◆ **ACTIVITY**:
Once the pictures are set aside, reproduce all of the records exactly.

◆ **DATA SHOWN**:

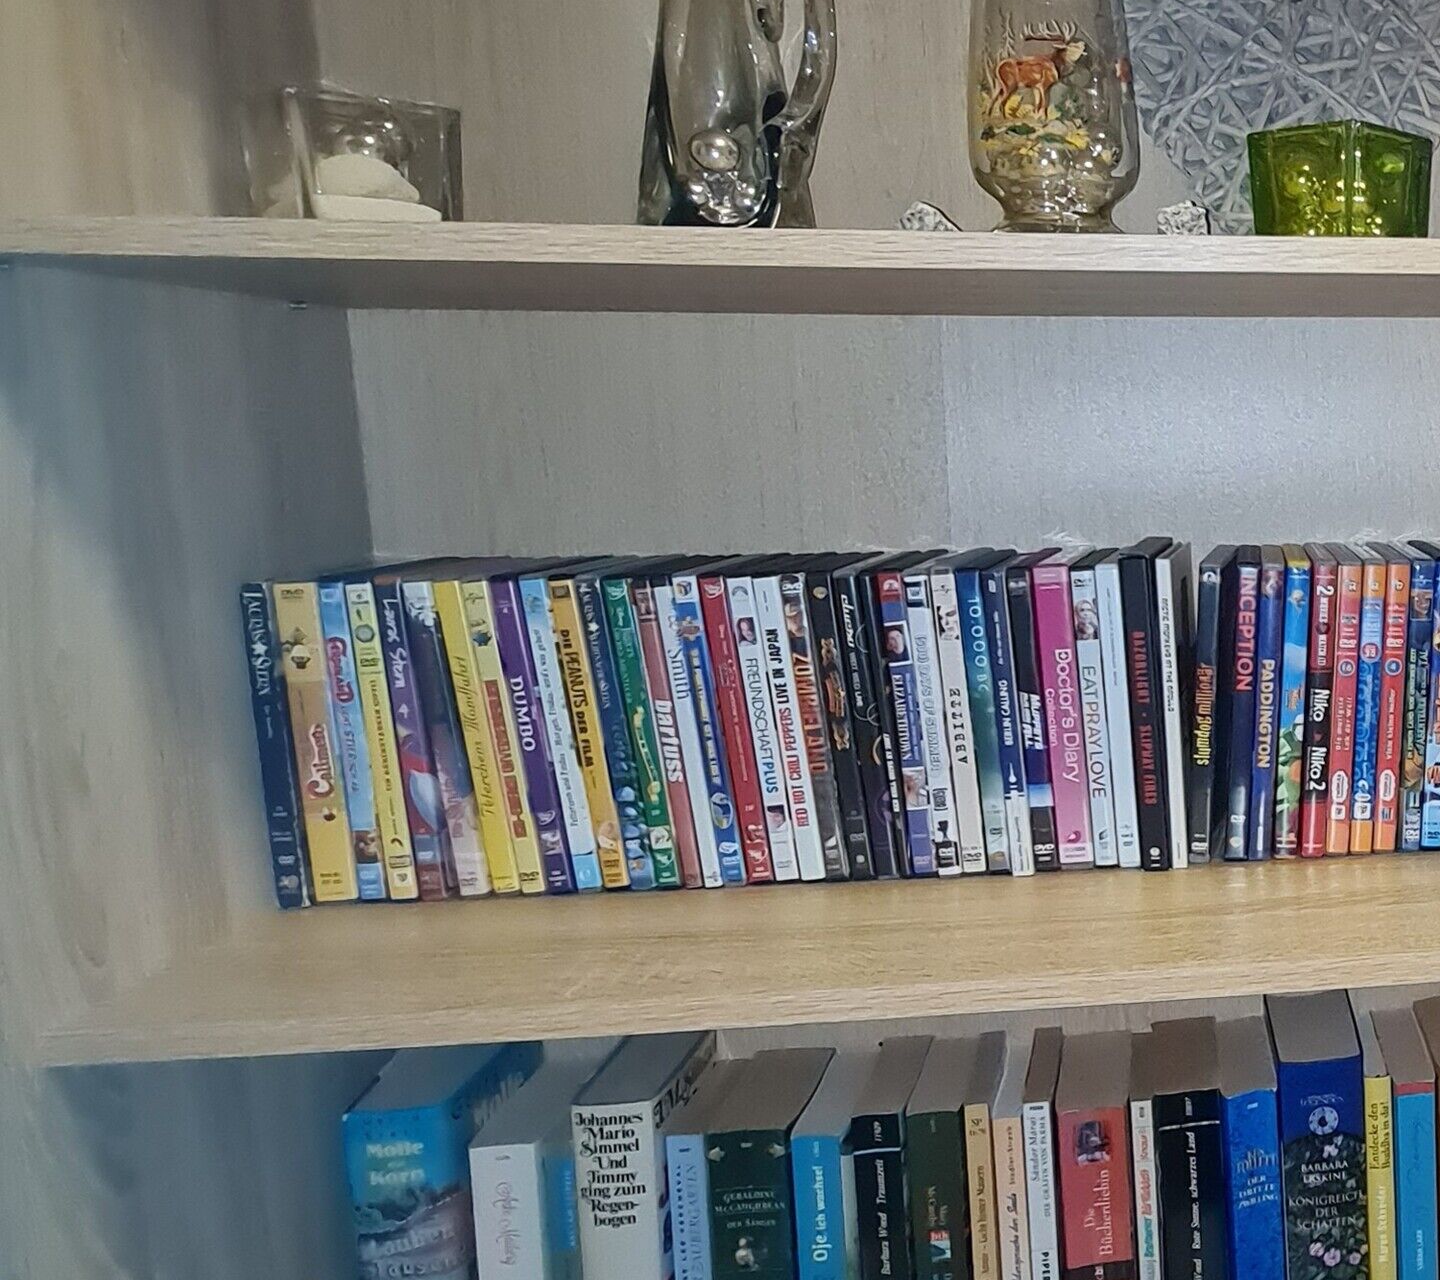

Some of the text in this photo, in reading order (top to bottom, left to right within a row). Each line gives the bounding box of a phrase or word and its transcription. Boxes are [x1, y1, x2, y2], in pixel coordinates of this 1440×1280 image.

[1316, 584, 1334, 596] 2
[382, 597, 408, 690] Lauras Stern
[968, 596, 987, 670] 10.000
[1235, 572, 1258, 691] INCEPTION
[668, 649, 689, 700] Smith
[509, 675, 537, 752] DUMBO
[560, 629, 593, 768] DIE PEANUTS DER FILM
[792, 652, 827, 773] ZOMBIELAND
[998, 679, 1015, 747] BERLIN CALLING
[1044, 688, 1058, 748] Collection
[1054, 648, 1081, 784] Doctor's Diary
[1256, 658, 1275, 769] PADDINGTON
[1311, 688, 1331, 722] Niko
[456, 655, 495, 816] Peterchens Mondfahrt
[655, 699, 683, 784] barfuss
[765, 628, 810, 828] RED HOT CHILI PEPPERS LIVE IN JAPAN
[950, 688, 969, 764] ABBITTE
[1193, 712, 1210, 766] slumdog
[1089, 751, 1107, 798] LOVE
[1309, 746, 1328, 791] Niko 2
[575, 1112, 644, 1126] Johannes
[586, 1126, 635, 1140] Mario
[1186, 1130, 1197, 1153] Land
[1368, 1101, 1379, 1170] Entdecke den
[581, 1140, 640, 1156] Simmel
[592, 1156, 628, 1169] Und
[1300, 1160, 1349, 1173] BARBARA
[580, 1183, 646, 1199] ging zum
[586, 1171, 638, 1186] Jimmy
[1302, 1171, 1347, 1184] ERSKINE
[587, 1198, 640, 1213] Regen-
[593, 1214, 637, 1228] bogen
[815, 1216, 827, 1233] ich
[1084, 1207, 1094, 1229] Die
[1296, 1216, 1357, 1230] SCHATTEN
[1314, 1206, 1339, 1218] DER
[880, 1240, 892, 1276] Barbara
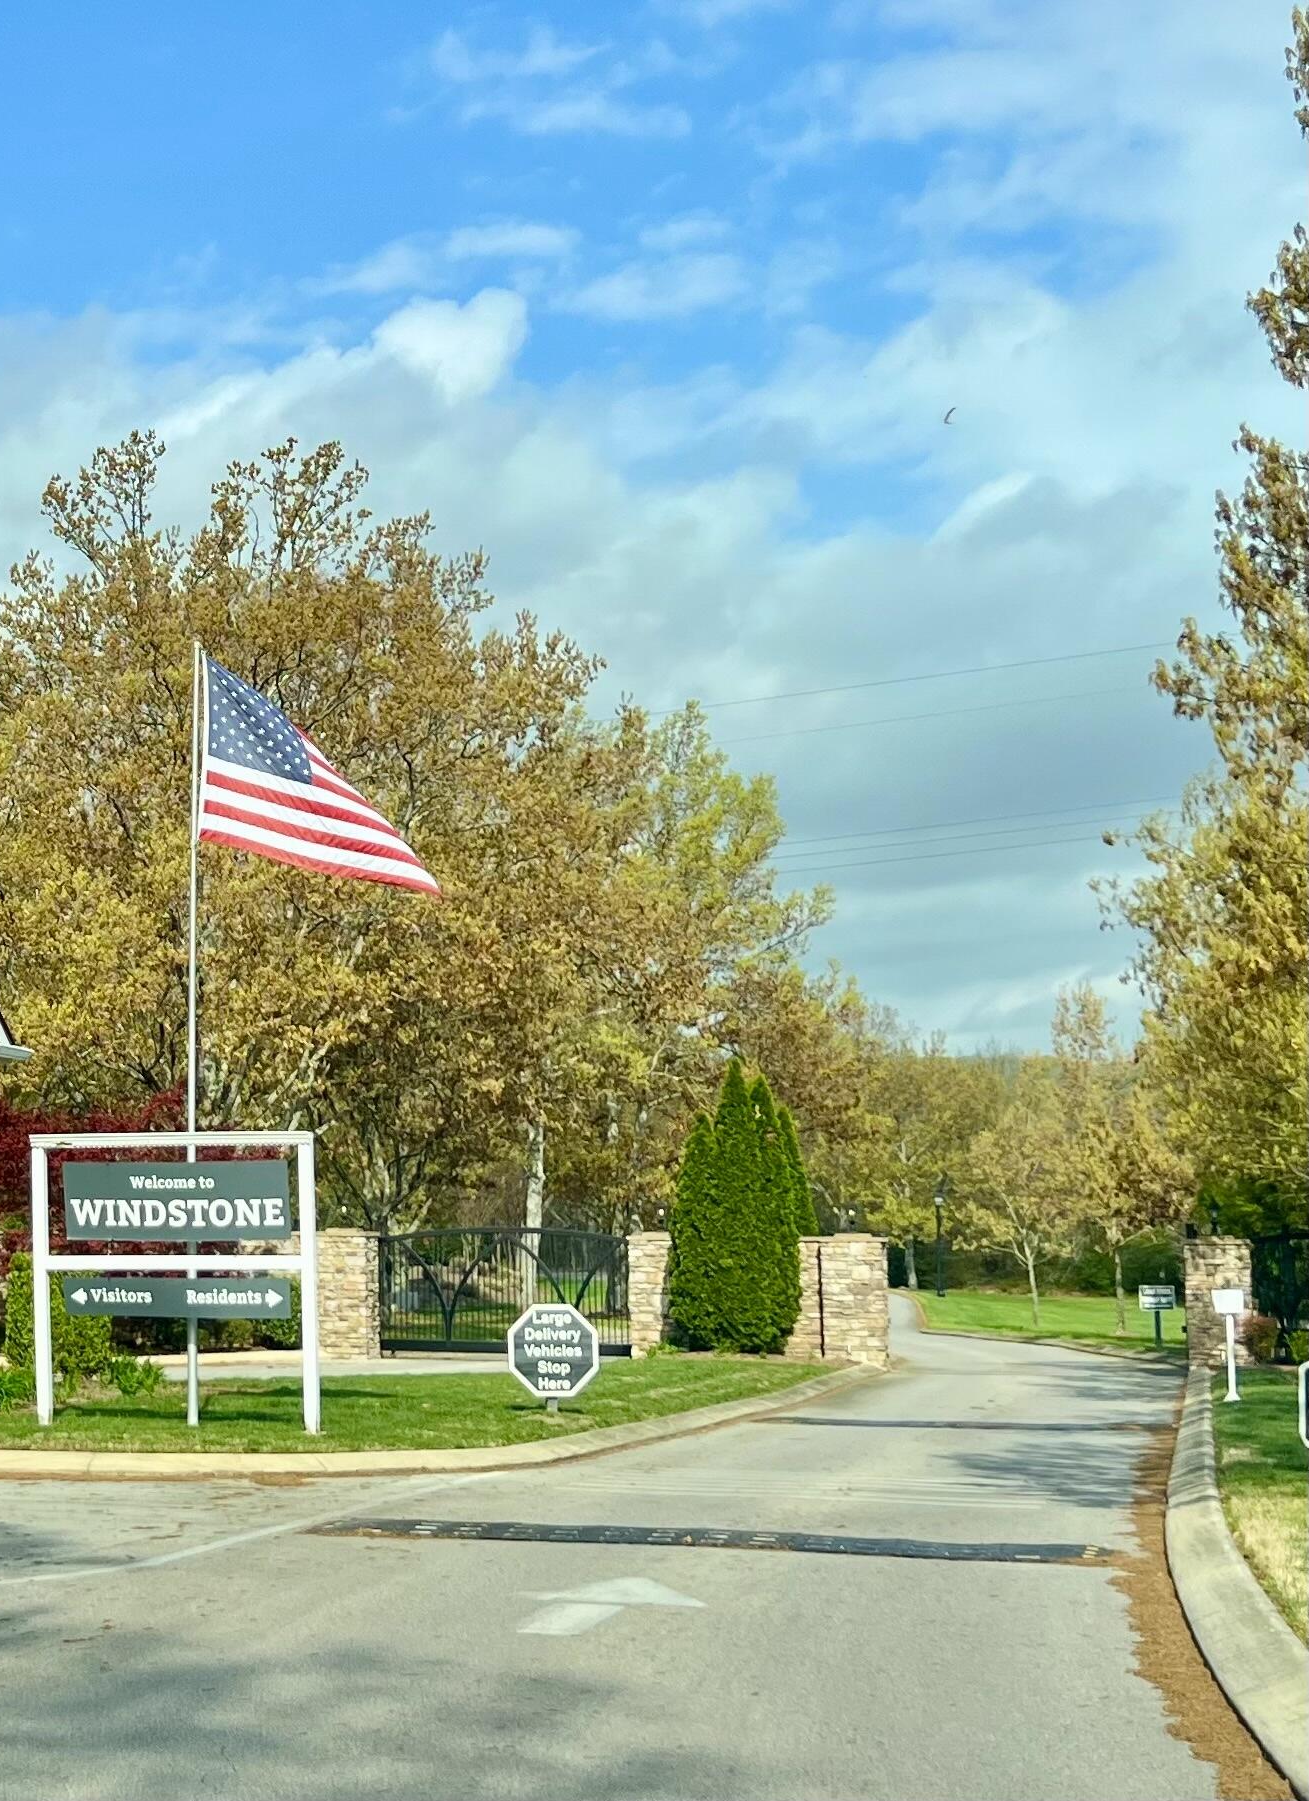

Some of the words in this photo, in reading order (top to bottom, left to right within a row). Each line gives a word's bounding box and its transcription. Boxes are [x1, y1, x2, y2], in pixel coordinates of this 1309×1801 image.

[129, 1175, 196, 1189] Welcome
[198, 1175, 215, 1189] to
[70, 1199, 285, 1227] WINDSTONE
[90, 1288, 153, 1304] Visitors
[186, 1289, 262, 1305] Residents
[532, 1311, 572, 1327] Large
[524, 1327, 581, 1343] Delivery
[524, 1343, 582, 1357] Vehicles
[537, 1360, 571, 1376] Stop
[538, 1377, 571, 1390] Here

◆ **TASK RESULT**:
Some of the text in this photo, in reading order (top to bottom, left to right within a row). Each line gives the bounding box of a phrase or word and its transcription. Boxes are [x1, y1, x2, y2], in pixel coordinates of this 1440×1280 image.

[1316, 584, 1334, 596] 2
[382, 597, 408, 690] Lauras Stern
[968, 596, 987, 670] 10.000
[1235, 572, 1258, 691] INCEPTION
[668, 649, 689, 700] Smith
[509, 675, 537, 752] DUMBO
[560, 629, 593, 768] DIE PEANUTS DER FILM
[792, 652, 827, 773] ZOMBIELAND
[998, 679, 1015, 747] BERLIN CALLING
[1044, 688, 1058, 748] Collection
[1054, 648, 1081, 784] Doctor's Diary
[1256, 658, 1275, 769] PADDINGTON
[1311, 688, 1331, 722] Niko
[456, 655, 495, 816] Peterchens Mondfahrt
[655, 699, 683, 784] barfuss
[765, 628, 810, 828] RED HOT CHILI PEPPERS LIVE IN JAPAN
[950, 688, 969, 764] ABBITTE
[1193, 712, 1210, 766] slumdog
[1089, 751, 1107, 798] LOVE
[1309, 746, 1328, 791] Niko 2
[575, 1112, 644, 1126] Johannes
[586, 1126, 635, 1140] Mario
[1186, 1130, 1197, 1153] Land
[1368, 1101, 1379, 1170] Entdecke den
[581, 1140, 640, 1156] Simmel
[592, 1156, 628, 1169] Und
[1300, 1160, 1349, 1173] BARBARA
[580, 1183, 646, 1199] ging zum
[586, 1171, 638, 1186] Jimmy
[1302, 1171, 1347, 1184] ERSKINE
[587, 1198, 640, 1213] Regen-
[593, 1214, 637, 1228] bogen
[815, 1216, 827, 1233] ich
[1084, 1207, 1094, 1229] Die
[1296, 1216, 1357, 1230] SCHATTEN
[1314, 1206, 1339, 1218] DER
[880, 1240, 892, 1276] Barbara

Some of the words in this photo, in reading order (top to bottom, left to right within a row). Each line gives a word's bounding box and its transcription. Boxes are [x1, y1, x2, y2], in pixel coordinates of this 1309×1801 image.

[129, 1175, 196, 1189] Welcome
[198, 1175, 215, 1189] to
[70, 1199, 285, 1227] WINDSTONE
[90, 1288, 153, 1304] Visitors
[186, 1289, 262, 1305] Residents
[532, 1311, 572, 1327] Large
[524, 1327, 581, 1343] Delivery
[524, 1343, 582, 1357] Vehicles
[537, 1360, 571, 1376] Stop
[538, 1377, 571, 1390] Here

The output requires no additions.